§ **DATA UNDER STUDY**:
= = = = = = =

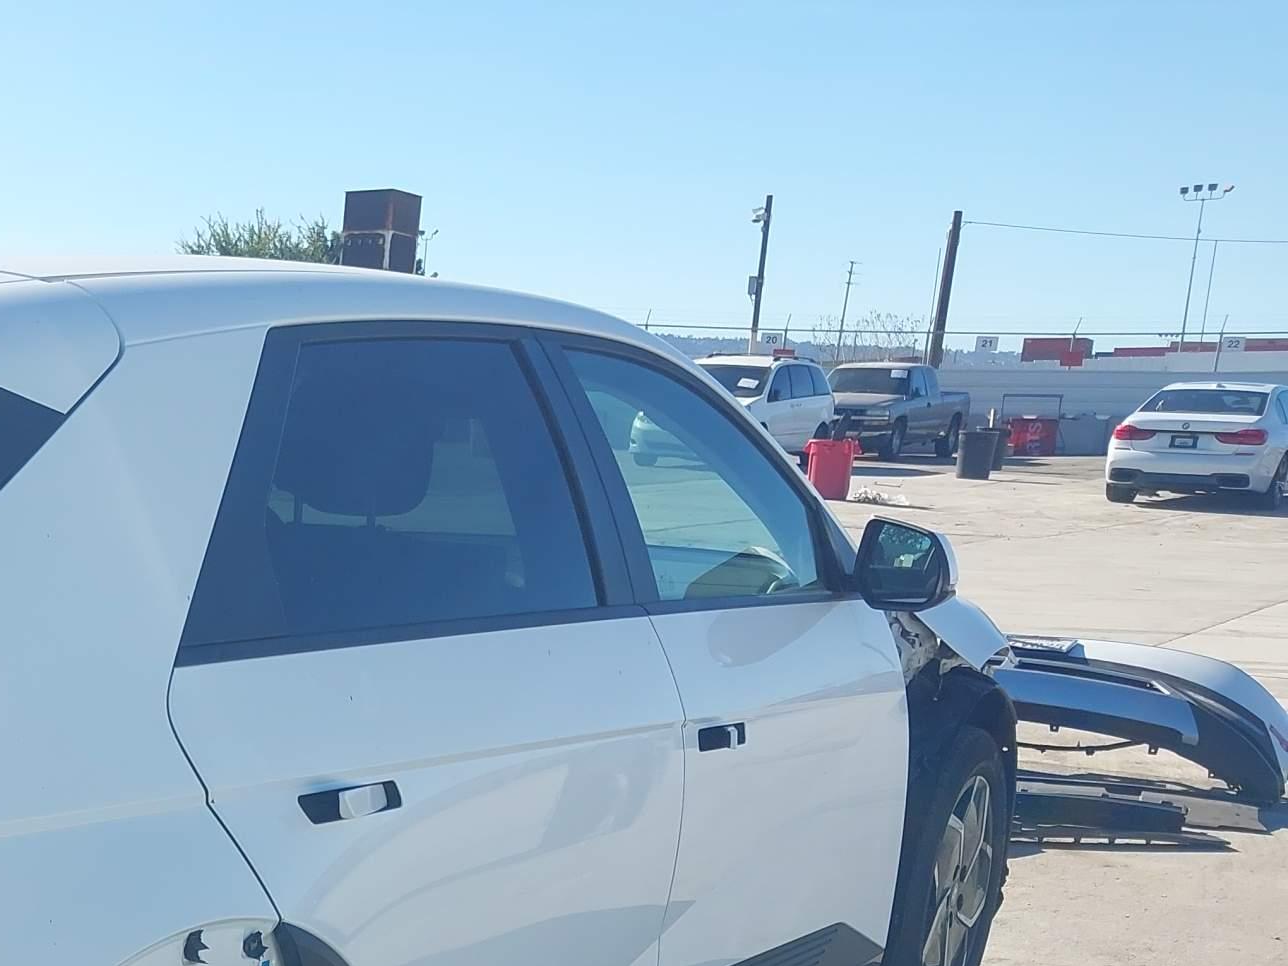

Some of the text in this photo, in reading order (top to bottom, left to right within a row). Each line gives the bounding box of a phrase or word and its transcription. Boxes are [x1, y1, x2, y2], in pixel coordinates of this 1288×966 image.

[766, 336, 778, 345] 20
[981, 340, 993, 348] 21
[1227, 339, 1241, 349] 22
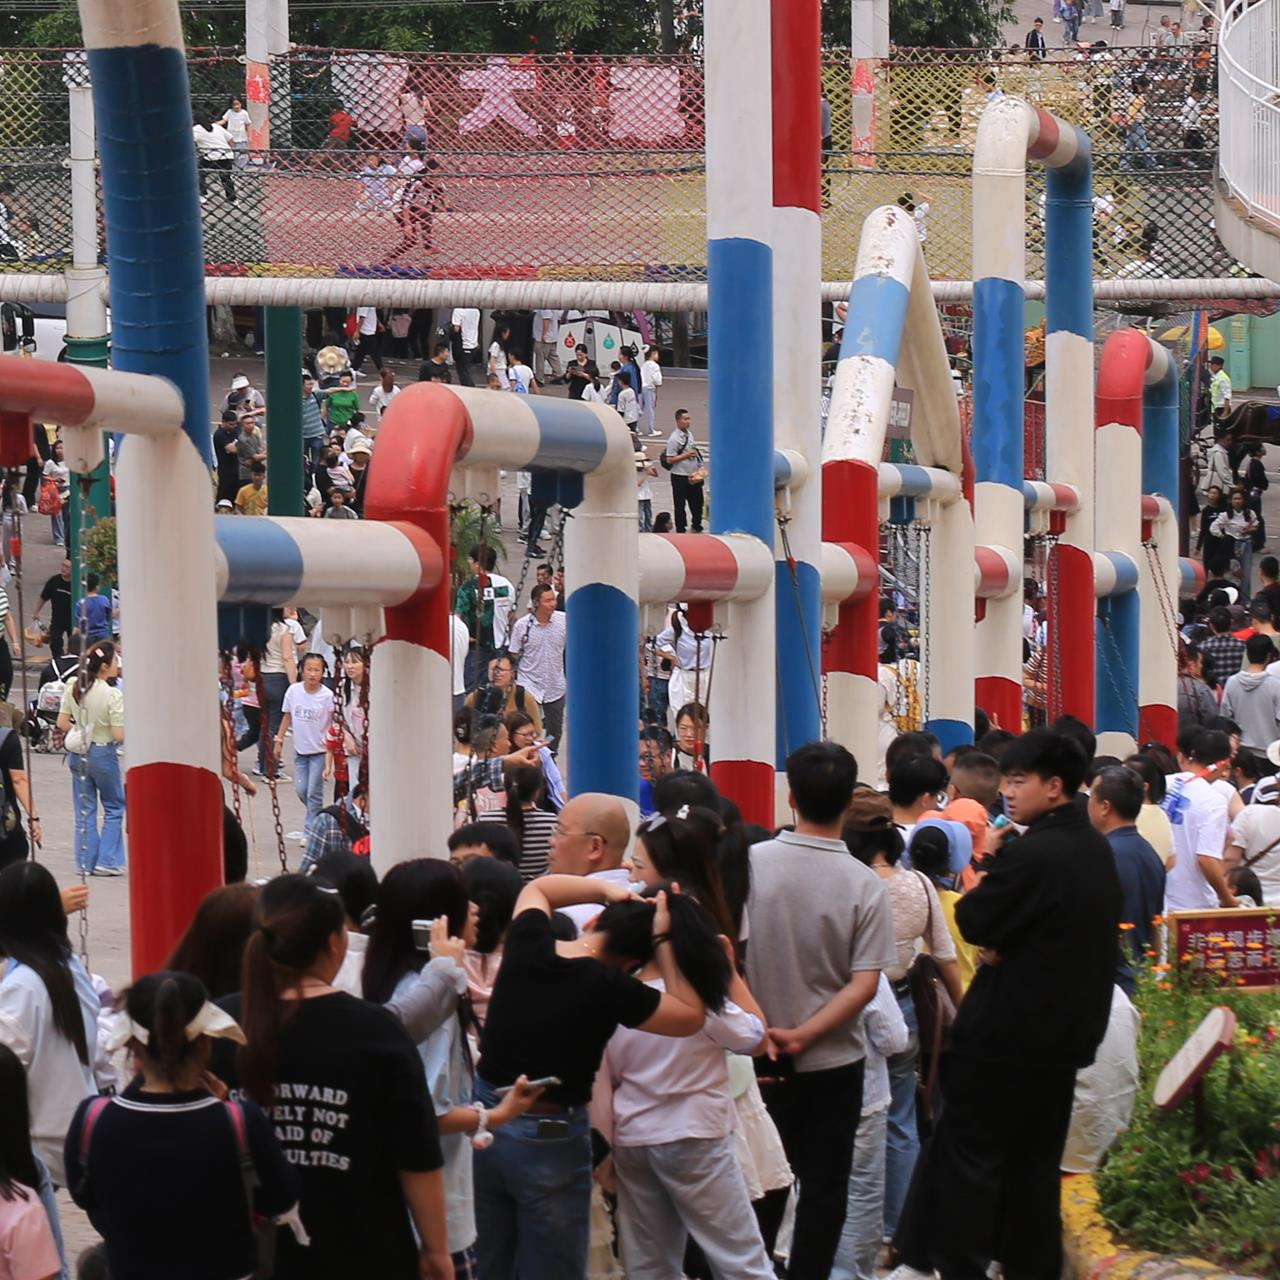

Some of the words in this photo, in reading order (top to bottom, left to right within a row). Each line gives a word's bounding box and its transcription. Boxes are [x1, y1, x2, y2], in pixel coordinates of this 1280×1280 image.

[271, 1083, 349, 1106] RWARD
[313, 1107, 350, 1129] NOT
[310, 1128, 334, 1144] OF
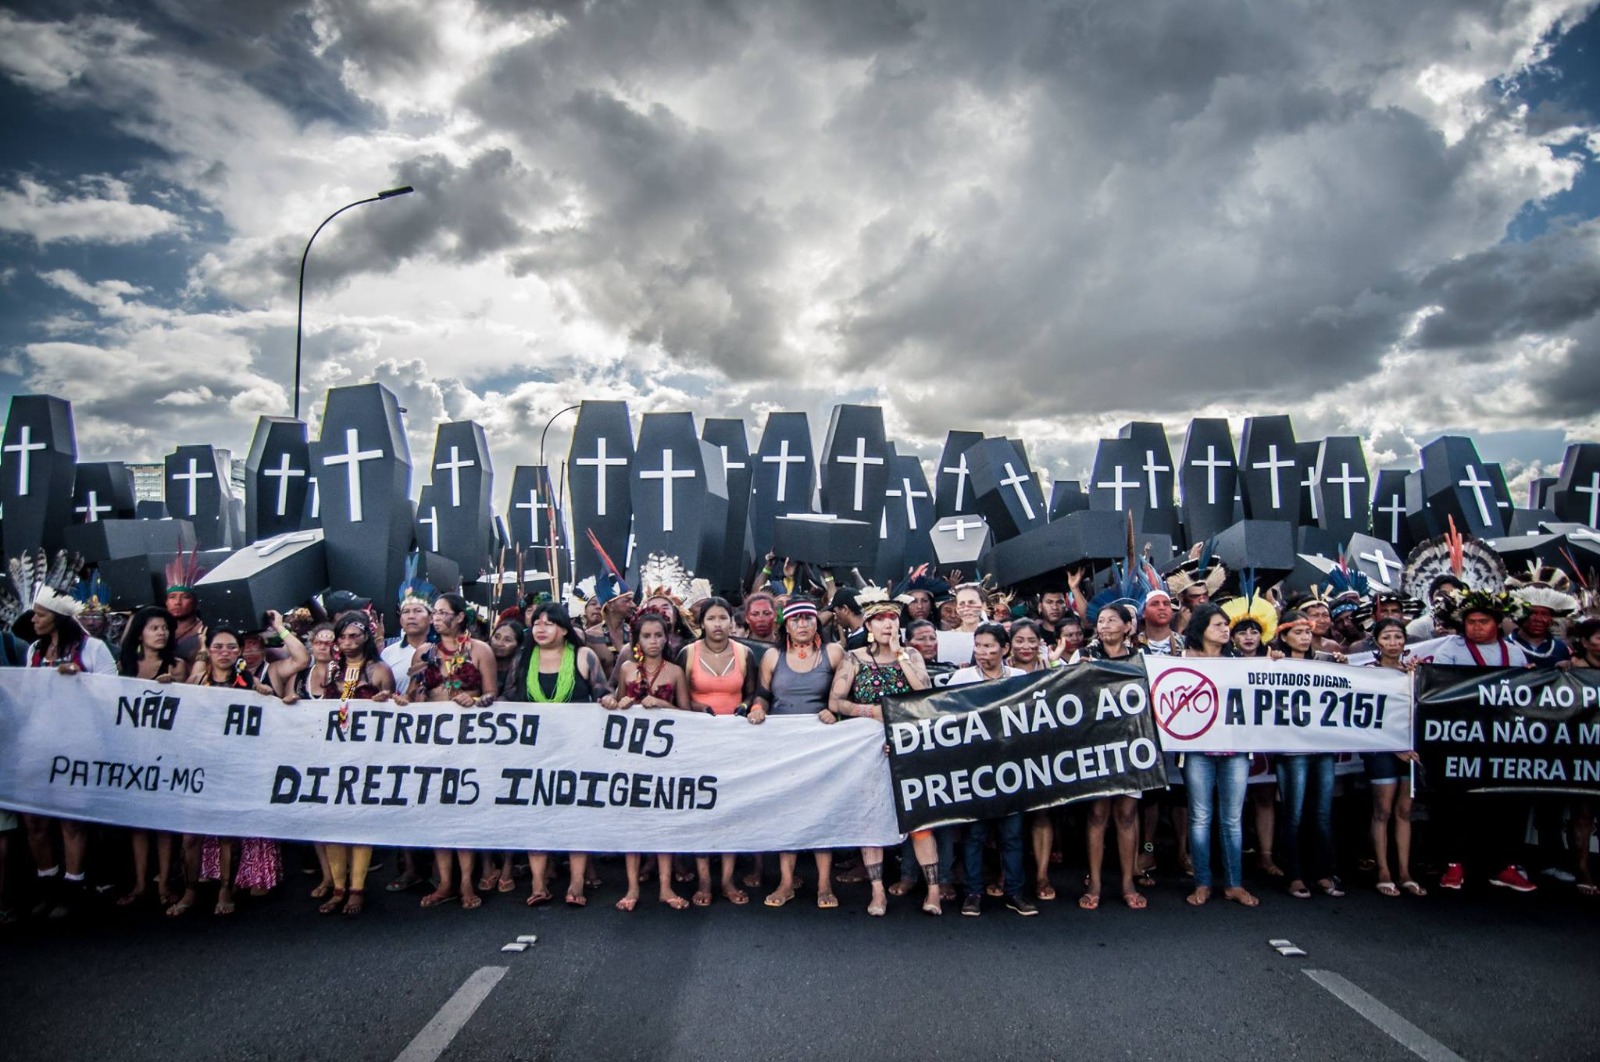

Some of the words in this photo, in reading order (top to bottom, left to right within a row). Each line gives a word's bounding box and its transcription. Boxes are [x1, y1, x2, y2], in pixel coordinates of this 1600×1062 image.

= = = = = = =

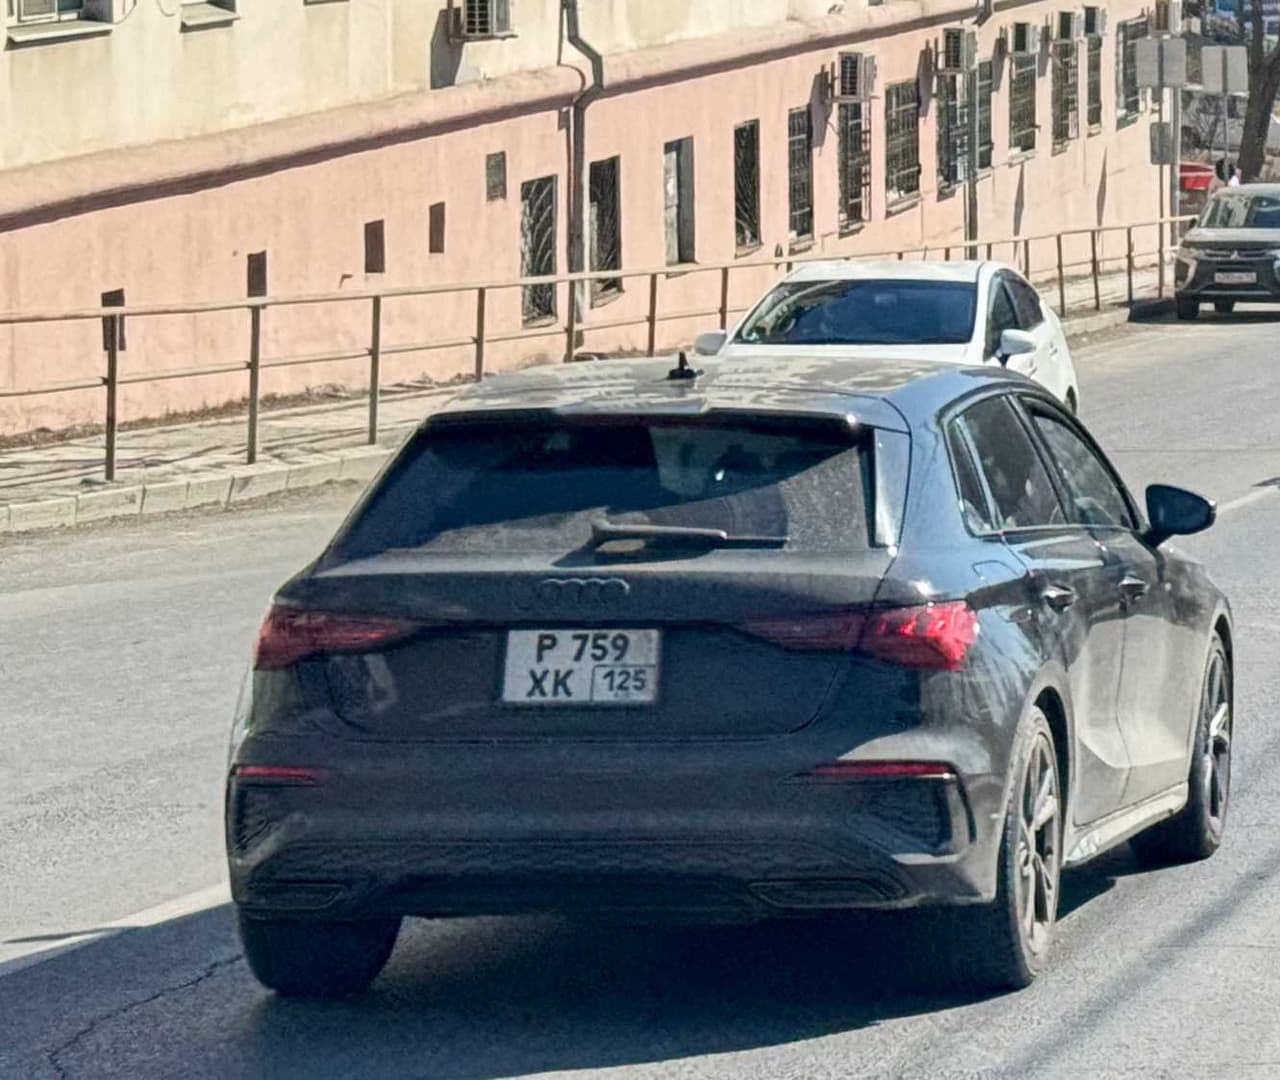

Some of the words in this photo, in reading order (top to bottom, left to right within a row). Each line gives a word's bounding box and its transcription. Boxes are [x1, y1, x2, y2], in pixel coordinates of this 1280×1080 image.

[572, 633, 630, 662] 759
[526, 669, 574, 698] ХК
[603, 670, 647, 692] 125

= = = = = = =

§ **EXERCISE BRIEF**:
Only the lines above starting with the line with "Some of the text" and going on through the line with "this 1600×1062 image." belong in the answer; repeat them exactly, minus any picture.

§ **THE COMPLETED TASK**:
Some of the text in this photo, in reading order (top to bottom, left to right within a row). Each line gives the bounding box of a phrase or word and its transcription. Boxes are [x1, y1, x2, y2], in pixel coordinates of this 1288×966 image.

[766, 336, 778, 345] 20
[981, 340, 993, 348] 21
[1227, 339, 1241, 349] 22

Some of the words in this photo, in reading order (top to bottom, left to right within a row). Each line gives a word's bounding box and its transcription. Boxes are [x1, y1, x2, y2], in pixel coordinates of this 1280×1280 image.

[271, 1083, 349, 1106] RWARD
[313, 1107, 350, 1129] NOT
[310, 1128, 334, 1144] OF

Some of the words in this photo, in reading order (top to bottom, left to right within a row). Each line gives a word's bounding box and its transcription. Boxes are [x1, y1, x2, y2], in pixel coordinates of this 1600×1062 image.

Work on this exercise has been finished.